Flying for fifty years has taught me that it is not a question of if something potentially dangerous will happen, but only a question of when and the quickest way to invite hazards is to let my guard down – to leave something unattended. My very first lesson in this was observing a U.S. army chief pilot training an Ecuadorian student at Fort Clayton Army Airfield, Panama in 1967. While I worked on the flight line the two got into a Bell OH6 helicopter with no apparent preflight safety briefing or review of their flight plan. The chief pilot switched lights on, started the engine and then advanced the throttle to full power. The Bell then rose to about 100 feet away from the hangar. From my view as the machine hovered about 70 feet above the tarmac I could see a lot of talk going on within the bubble. It began to look a lot like a modern day political debate where fists are the only thing not raised.

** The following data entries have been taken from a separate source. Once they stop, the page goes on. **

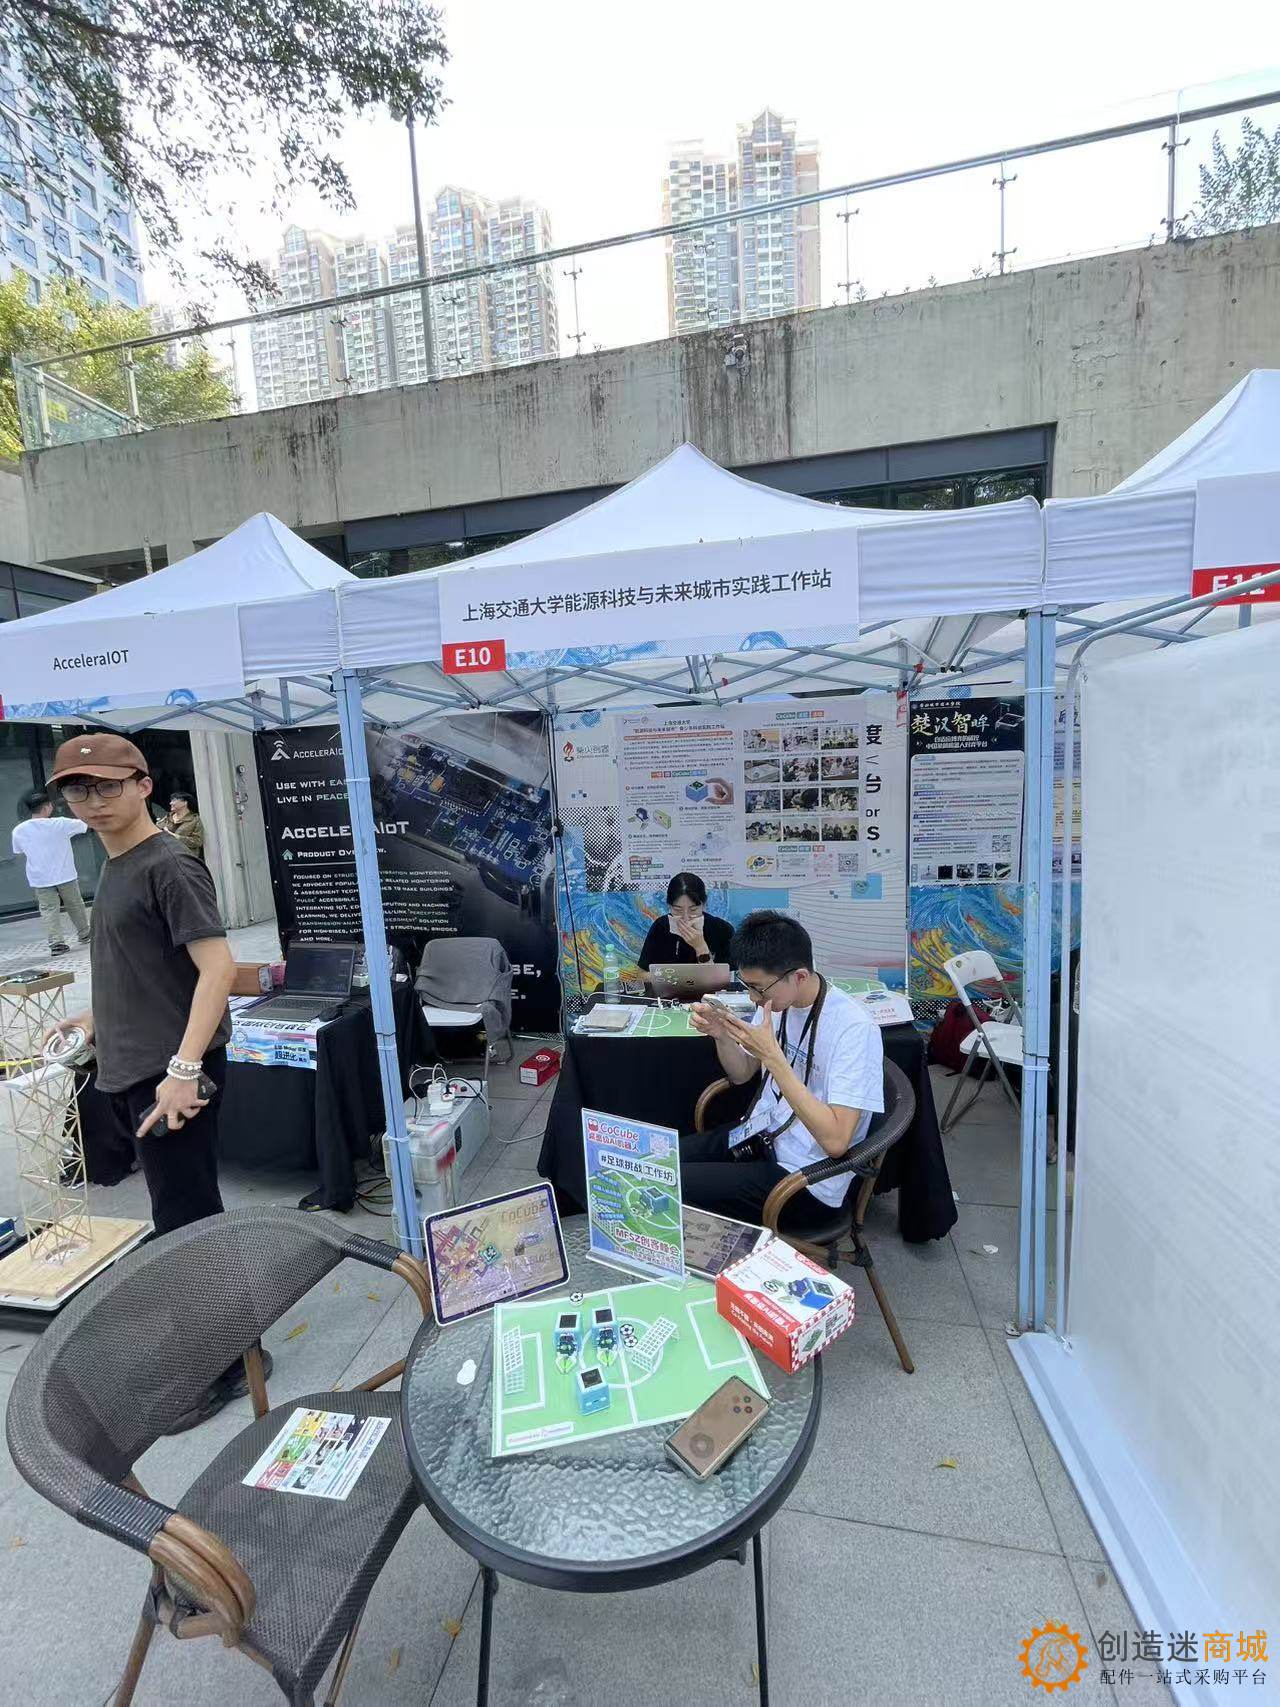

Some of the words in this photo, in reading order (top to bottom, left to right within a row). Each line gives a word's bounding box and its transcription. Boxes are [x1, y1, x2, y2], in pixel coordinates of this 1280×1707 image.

[462, 568, 832, 622] 上海交通大学能源科技与未来城市实践工作站
[53, 649, 130, 670] AcceleraIOT
[455, 646, 492, 668] E10
[275, 781, 297, 790] USE
[299, 780, 326, 789] WITH
[329, 779, 347, 787] EA
[277, 795, 299, 804] LIVE
[316, 792, 350, 801] PEACE
[297, 850, 336, 858] PRODUCT
[510, 963, 542, 978] SE,
[600, 1122, 640, 1142] CoCube
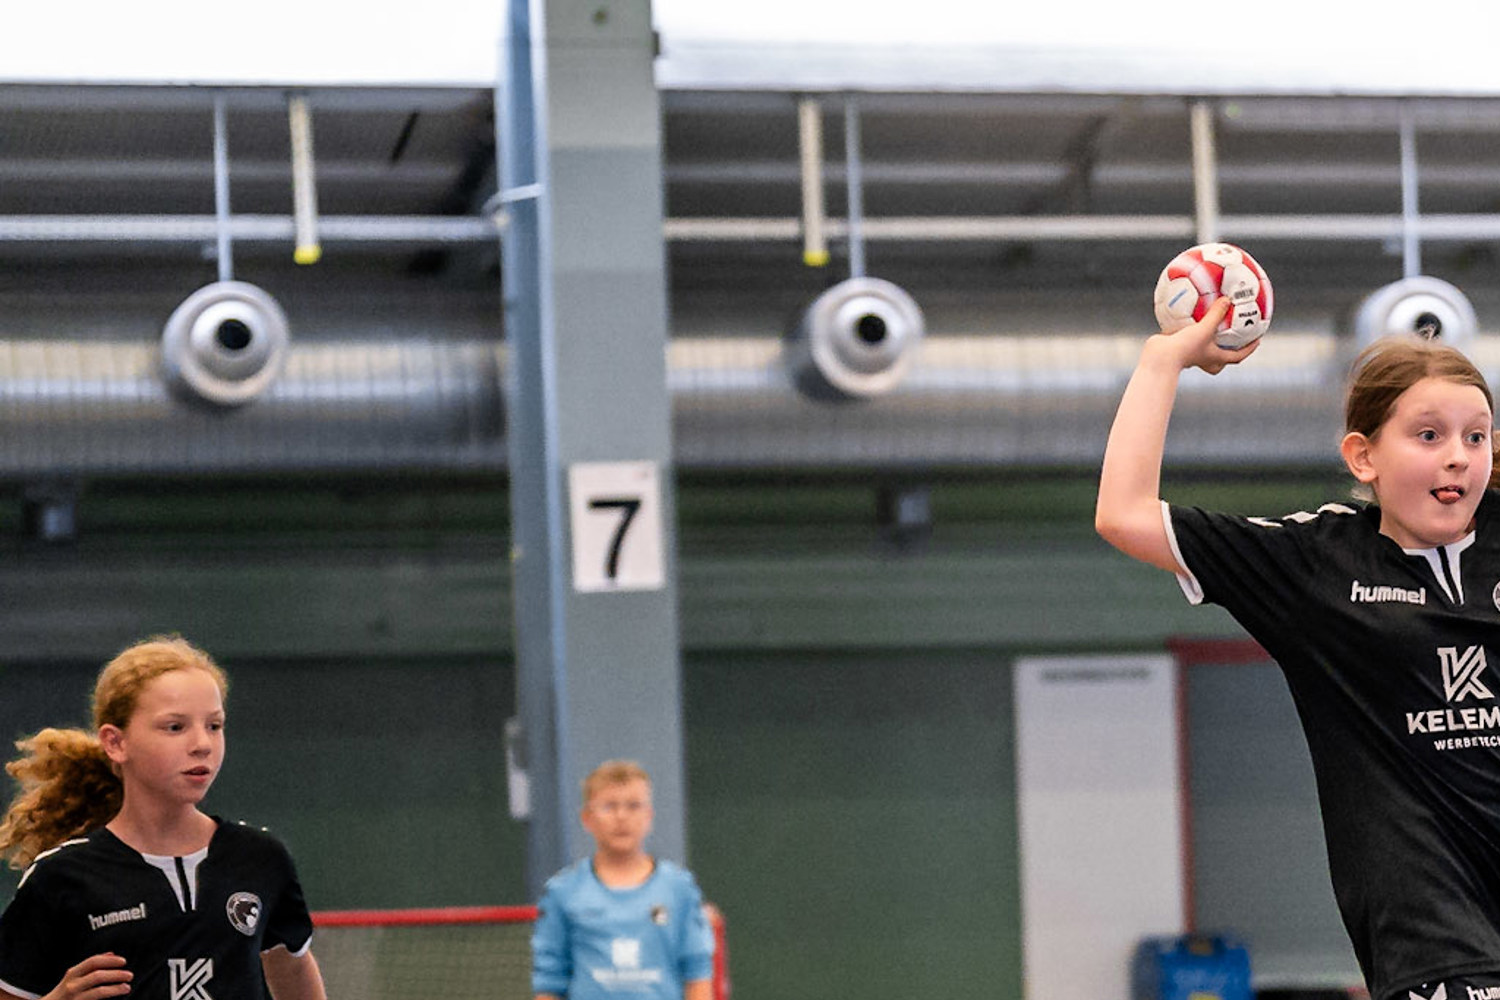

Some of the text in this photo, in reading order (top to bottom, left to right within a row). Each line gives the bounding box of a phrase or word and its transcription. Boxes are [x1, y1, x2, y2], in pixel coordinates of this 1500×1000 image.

[587, 498, 642, 579] 7
[1350, 580, 1427, 606] hummel
[88, 902, 147, 931] hummel

To my surprise, with the student now on the controls, the helicopter rotated counter clockwise 360 degrees left and continued to do so at an ever increasing rate. On each revolution it appeared the two pilots were arguing more intensively. It appeared the chief was trying to get control but the student held a death grip and he wouldn’t release them. The Bell was now spinning like a top and the chief pilot grew ghostly white while the student continued yelling – in Spanish. Now exceeding its flight envelope the aircraft came crashing down. It hit the pavement hard flattening it on impact to a little more than half its original height. Like King Kong’s fist, the rotary wing then crashed right through the cockpit smashing and crushing the Plexiglas. It stopped centered exactly between the legs of the two pilots. With no fuel leaks and no fire, both occupants got out of the wreckage and walked away dazed shaking their heads. The fact that they survived unscathed was nothing short of a miracle. God knows they were so lucky that day, but who wants to bet on luck? A slightly different flight action by either may have ended in death. This all could
have been prevented by some comprehensive preflight planning including Cockpit Resource Management, CRM.
Fast forward to July 29, 2016, I’m in the left seat of my home built Super Seawind flying at 17,000 feet returning to Hanscom Air Force base from Oshkosh Airventure. I was about to learn a new page in Murphy’s Law!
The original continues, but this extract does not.